Recently, many people suddenly noticed something:
DeepSeek cut prices again.
And not by a little.
The kind of cut where you just flip the table over. By the end of May, prices dropped to a quarter of what they were.
Many people's first reaction: Chinese AI companies are starting a price war.
But I increasingly feel that understanding this only as a "price war" is way too shallow.
Because what's really happening here might be this: tokens are becoming industrialized.
What does that mean?
For the past two years, the global AI world has operated under a quiet assumption: high-quality tokens are expensive.
Because: models are expensive, GPUs are expensive, training is expensive, electricity is expensive.
So everyone defaulted to the idea that AI must be a high-margin industry.
Until Chinese models started slashing prices like crazy.
And for the first time, many people discovered: tokens might actually be like steel, display panels, solar panels, lithium batteries — entering a terrifying process of industrial cost reduction.
Behind this story is something deeply Chinese.
What do I mean?
American AI companies often follow a path of "high performance, high margins, high valuation." A bit like luxury goods.
But once Chinese companies start competing, things tend to look different: "First, crush the cost."
Then: massive scale, infrastructure-ization, supply-chain-ization, engineering optimization, labor optimization, power optimization. Eventually grinding the entire industry into "cabbage-price industrial capability."
Over the past twenty years, China has done this repeatedly. Solar power, EV batteries, drones, display panels, e-commerce, high-speed rail... The pattern is roughly the same.
Early stage: others think it's high tech. Later stage: China industrializes it. End result: profits vanish, but production capacity blankets the world.

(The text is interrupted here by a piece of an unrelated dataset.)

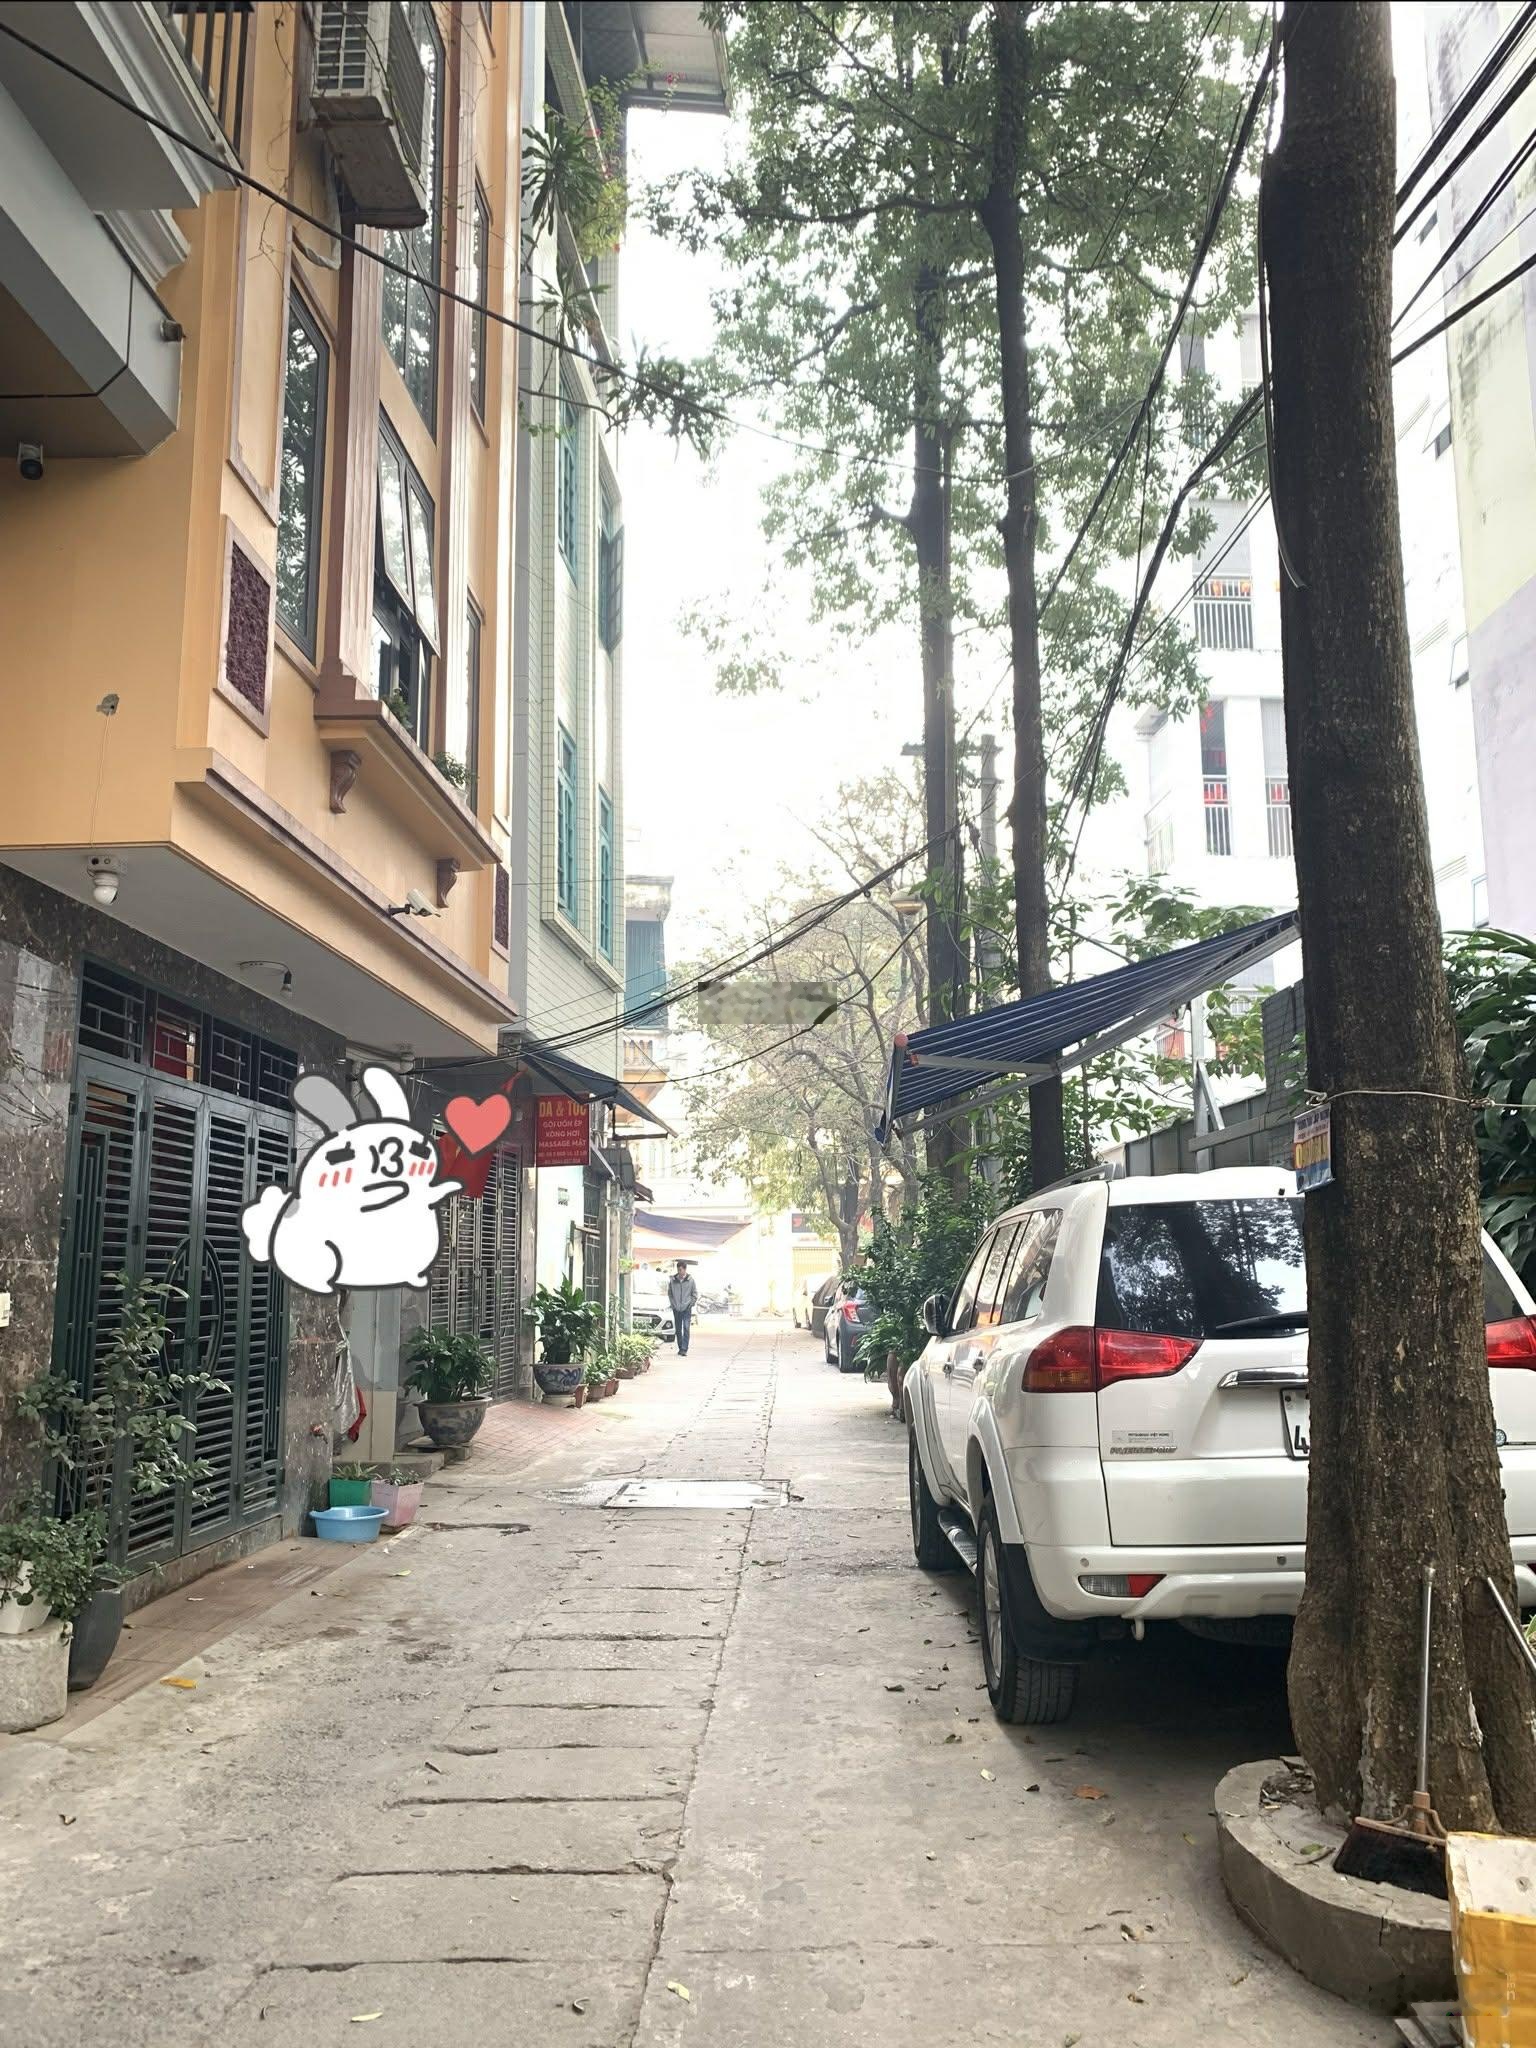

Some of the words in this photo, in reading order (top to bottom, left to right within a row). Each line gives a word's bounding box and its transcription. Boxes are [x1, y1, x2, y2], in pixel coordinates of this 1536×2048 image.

Today, tokens are starting to look more and more like this story.
Because tokens are not fundamentally mysterious. They are, in the end, "data processing capability produced by an industrial system." And what is an industrial system best at? Reducing costs.
So now an especially interesting dynamic has emerged: American frontier models may still maintain the strongest capability. But Chinese models are closing in fast — maybe a few months behind, maybe still a bit weaker in certain areas. But the price is already shockingly low.
So developers around the world are facing a very pragmatic choice: "Do I need the world's strongest, or do I need strong enough + ten times cheaper?"
This question is deadly.
Because in most of the business world, what ultimately matters is not "theoretical peak performance" but "overall cost-effectiveness."
As tokens get cheaper and cheaper, many AI applications that were previously "too expensive to run" suddenly become viable.
In the past, AI was like a five-star hotel. Now it's starting to look like tap water.
Developers used to worry: "Is this agent going to burn dozens of dollars a day?" Now the attitude is shifting to: "Whatever, let it run."
And so token consumption begins to explode further. Which in turn drives even larger data centers, cheaper inference chips, more aggressive engineering optimization. The whole system enters a kind of industrial flywheel.
The most interesting part is: what this competition ultimately comes down to may no longer be just the model.
It's about: who has cheaper electricity; who has more data centers; who has cheaper engineers; who has a more complete supply chain; who can better tolerate thin margins.
In other words: AI competition is increasingly looking like modern industrial system competition, not just lab competition.
Many people still think of AI as "a few brilliant scientists changing the world." But what it increasingly resembles is "an entire national industrial system collectively entering the field to produce tokens."
In the internet era, China's greatest strength was "application industrialization." In the AI era, what might be truly terrifying about China is: token industrialization.
And as token prices keep falling, developers around the world will ultimately vote with their feet. Because the vast majority of companies, in the end, have to do the math.